The final stage for our proposed interferometer was the measurement and ‘catch’. The optical trap was turned back on once the particle was just above the height it started at in order to slow down and recapture it. Precise timing will be important here, since, if the trap is turned on too early, the initial re-entry will accelerate the particle so much that it will fall out of the trap. This will be explained in more detail below. Once the particle is recaptured, we will once again be able to track its position as discussed earlier. By extrapolating this information back to the time at which the particle entered the trapping centre, we can measure the position it landed at, as demonstrated in Hebestreit et al. in 2018 [24]. We will require roughly a 10 nm precision in order to detect our interference patterns. Initial testing showed that this should be achievable even with rudimentary data extraction techniques, with work ongoing on more advanced methods. The particle was then re-cooled and prepared to its initial state as described above, which only required a few trapping cycles and, hence, does not introduce major heating effects.

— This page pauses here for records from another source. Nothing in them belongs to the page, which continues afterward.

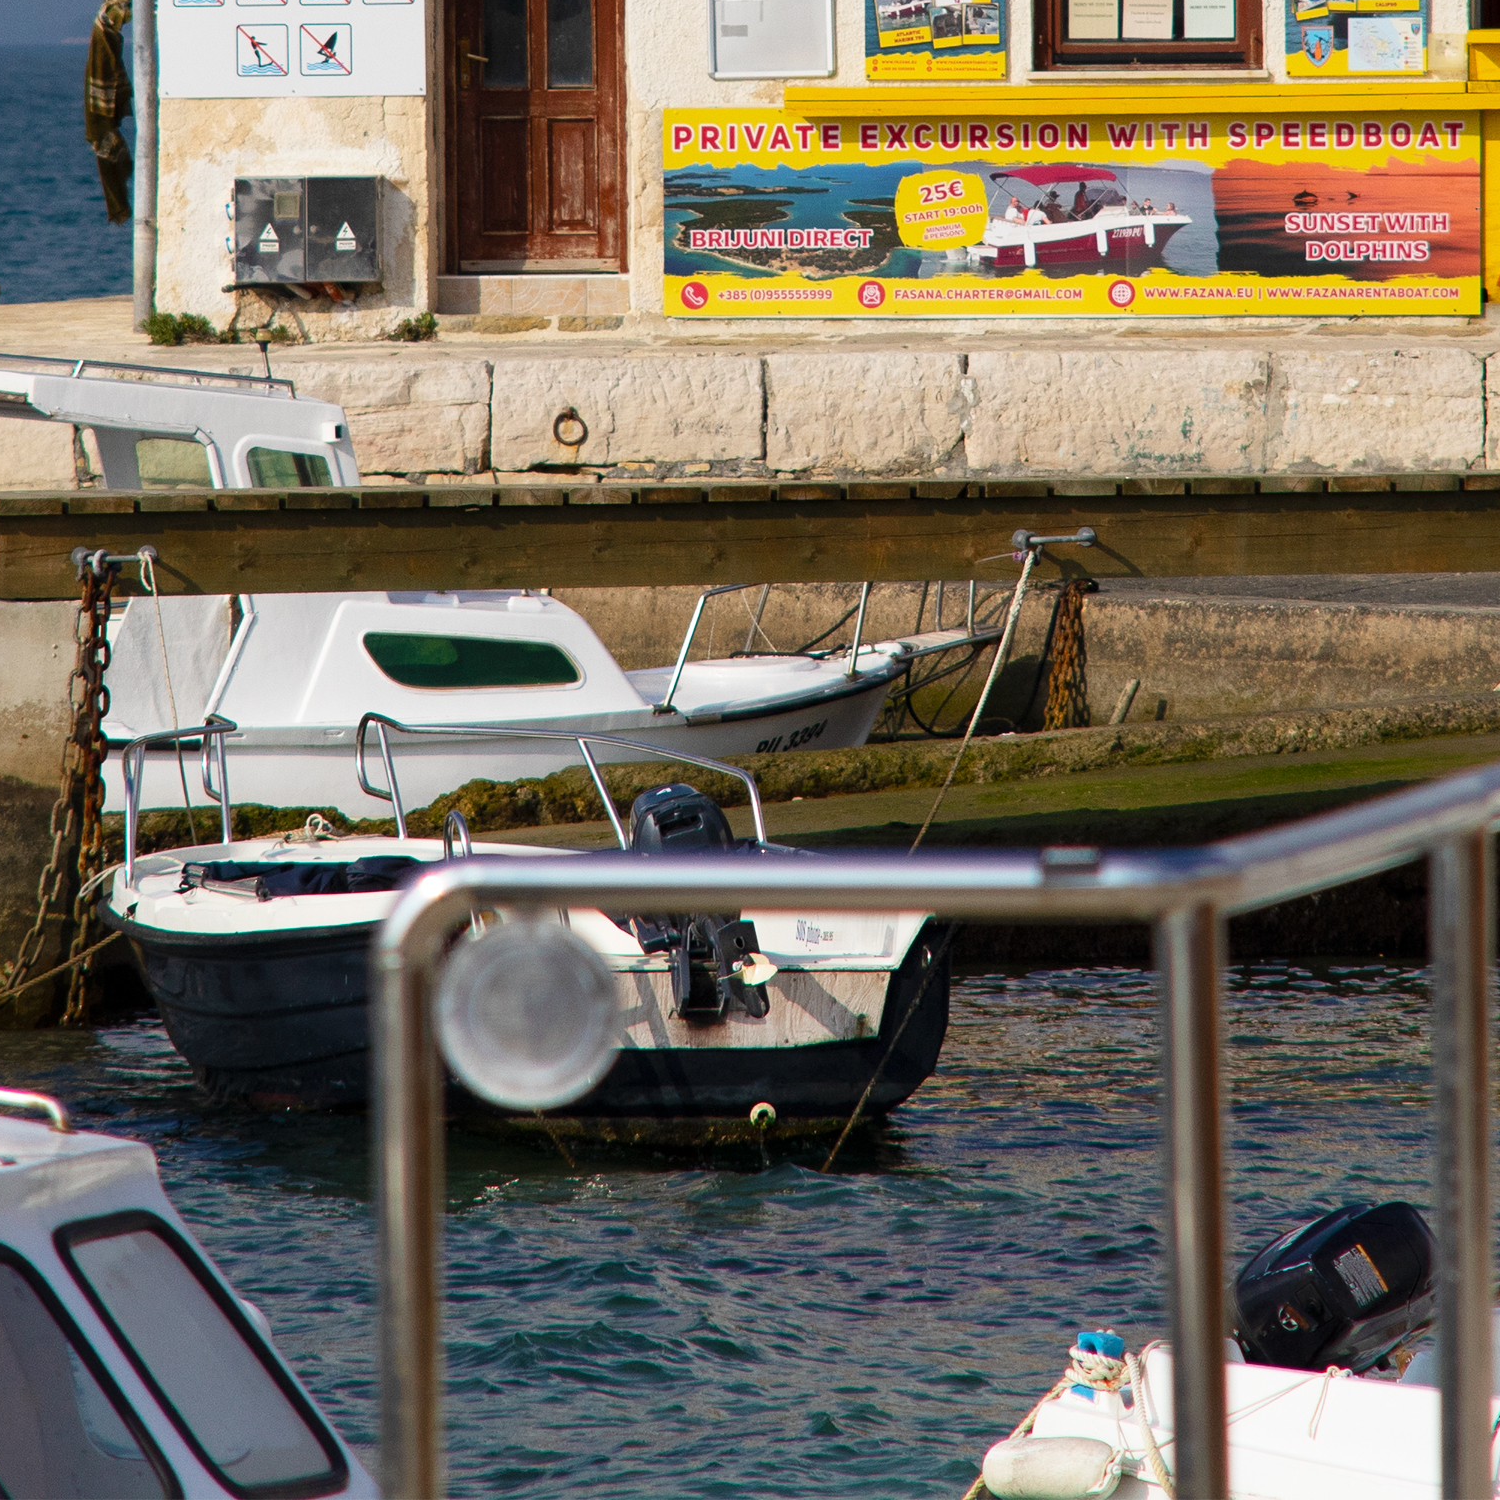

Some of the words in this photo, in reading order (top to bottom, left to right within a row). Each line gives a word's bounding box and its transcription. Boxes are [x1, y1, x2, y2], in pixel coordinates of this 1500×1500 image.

[672, 123, 842, 152] PRIVATE
[860, 122, 1089, 151] EXCURSION
[1106, 121, 1209, 150] WITH
[1227, 120, 1465, 150] SPEEDBOAT
[919, 179, 964, 204] 25€
[904, 209, 940, 224] START
[943, 203, 984, 217] 19:00h
[1284, 212, 1381, 234] SUNSET
[1385, 212, 1450, 233] WITH
[690, 228, 788, 250] BRIJUNI
[789, 227, 874, 249] DIRECT
[925, 223, 962, 233] MINIMUM
[930, 229, 965, 239] PERSONS
[1305, 240, 1430, 262] DOLPHINS
[717, 290, 747, 301] +385
[894, 288, 1083, 300] FASANA.CHARTER@GMAIL.COM
[1143, 286, 1253, 299] WWW.FAZANA.EU
[1266, 286, 1460, 299] WWW.FAZANARENTABOAT.COM

Over many runs, a probability distribution of particle arrival locations was produced, which can be compared to the expected classical ballistic and quantum wave-like patterns discussed in the following.

3. Theoretical Model

3.1. Background

As mentioned before, the design of the throw and catch experiment maintains the core aspects of the proposal set out in Bateman et al. [21]. This allowed us to work with the existing theory presented in Bateman et al. and, later, built upon in Belenchia et al. [25]. The only differences that need to be considered for the throw and catch variant are some additional decoherence effects, which will be discussed shortly. For this reason, we only give a brief overview of the theoretical background here, deferring to the aforementioned publications for a more-detailed description.

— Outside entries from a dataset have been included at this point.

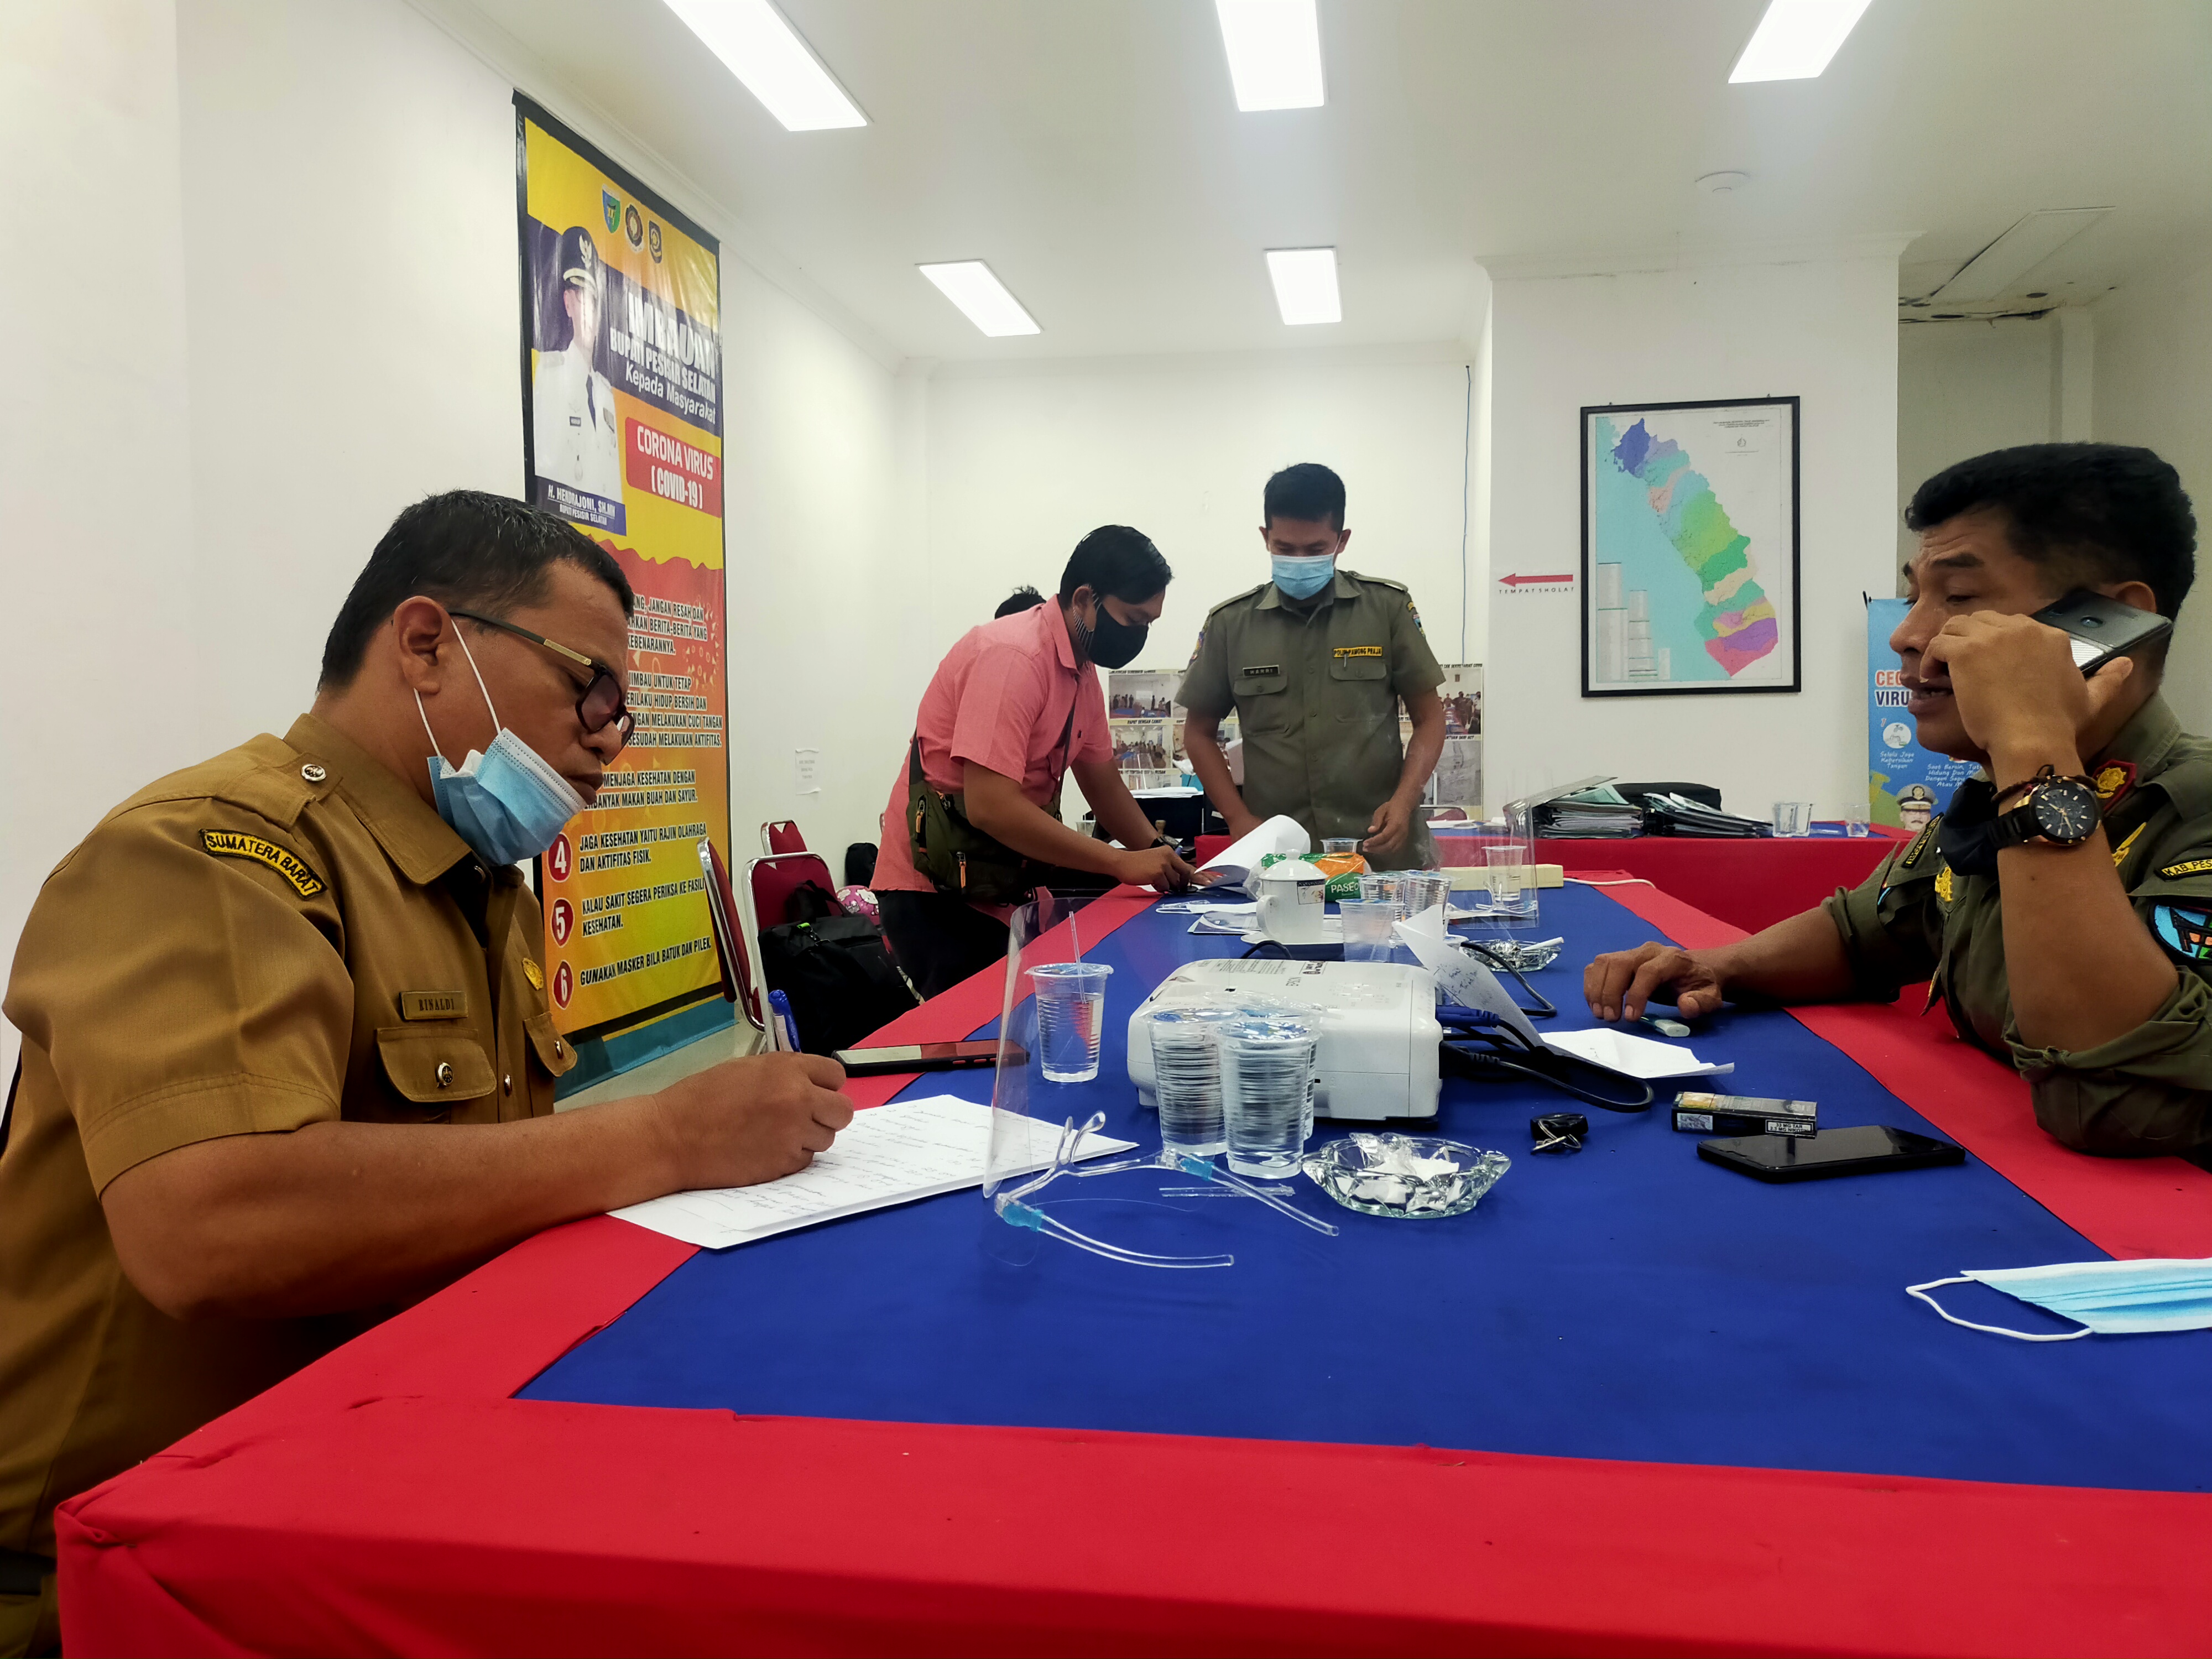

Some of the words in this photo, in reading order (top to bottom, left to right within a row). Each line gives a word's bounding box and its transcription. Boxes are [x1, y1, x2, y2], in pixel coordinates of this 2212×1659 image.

[610, 327, 644, 367] BUPATI
[646, 347, 681, 385] PESISIR
[681, 366, 716, 404] SELATAN
[625, 360, 664, 399] Kepada
[666, 382, 716, 424] Masyarakat
[637, 425, 683, 468] CORONA
[684, 446, 714, 481] VIRUS
[548, 484, 555, 499] H.
[556, 487, 597, 514] HENDRAJONI,
[572, 508, 589, 521] PESISIR
[590, 513, 607, 526] SELATAN
[648, 598, 672, 615] JANGAN
[673, 603, 692, 619] RESAH
[692, 607, 704, 621] DAN
[649, 618, 692, 638] BERITA-BERITA
[693, 626, 707, 640] YANG
[654, 674, 674, 690] UNTUK
[674, 676, 691, 690] TETAP
[654, 695, 672, 708] HIDUP
[674, 696, 695, 709] BERSIH
[696, 697, 707, 709] DAN
[651, 713, 687, 727] MELAKUKAN
[688, 714, 702, 728] CUCI
[703, 716, 723, 729] TANGAN
[659, 733, 693, 747] MELAKUKAN
[695, 733, 722, 746] AKTIFITAS.
[637, 771, 671, 786] KESEHATAN
[673, 770, 696, 784] DENGAN
[622, 792, 644, 807] MAKAN
[646, 791, 663, 805] BUAH
[665, 790, 676, 804] DAN
[678, 789, 698, 802] SAYUR.
[580, 835, 598, 851] JAGA
[601, 831, 638, 848] KESEHATAN
[640, 828, 658, 844] YAITU
[659, 826, 676, 841] RAJIN
[678, 823, 707, 838] OLAHRAGA
[207, 834, 281, 864] SUMATERA
[279, 857, 320, 892] BARAT
[554, 841, 567, 874] 4
[580, 857, 595, 873] DAN
[597, 852, 631, 870] AKTIFITAS
[633, 849, 651, 864] FISIK.
[582, 898, 603, 915] KALAU
[606, 893, 625, 910] SAKIT
[627, 888, 651, 906] SEGERA
[654, 883, 678, 900] PERIKSA
[680, 881, 686, 894] KE
[1331, 881, 1359, 894] PASEO
[555, 906, 566, 941] 5
[583, 914, 623, 936] KESEHATAN.
[581, 963, 617, 985] GUNAKAN
[617, 955, 644, 974] MASKER
[646, 951, 660, 967] BILA
[662, 945, 680, 962] BATUK
[682, 941, 692, 956] DAN
[560, 968, 568, 1002] 6
[418, 998, 455, 1011] RINALDI

We begin our experiment with the nanoparticle trapped by our 1550 nm optical trap and behaving as a harmonic oscillator. This state is well described as a Gaussian thermal state of motion with standard deviations in position and momentum given by ${\sigma }_x=\sqrt{k_{B}T/4{\pi }^{2}m{\nu }_M^2}$ and ${\sigma }_p=\sqrt{m{k}_{B}T}$, respectively. Here, T is the motional temperature of the oscillator, m is the mass of our particle, and ${\nu }_M$ is the trap frequency as defined from the standard harmonic oscillator relationship between restoring force and position. At this point, it is important to note that our grating is a uniform standing wave oriented along the x-axis, as shown in Figure 1. Then, assuming the laser waist in the y direction is large enough and that the overall y displacement is small throughout the journey, the grating should have a negligible impact on the evolution of the state in the y and z directions. This allowed us to effectively neglect these directions when evaluating our final interference pattern since this pattern will only exist along the x direction. This is a crucial similarity between our work here and the preceding work in Bateman et al. [21].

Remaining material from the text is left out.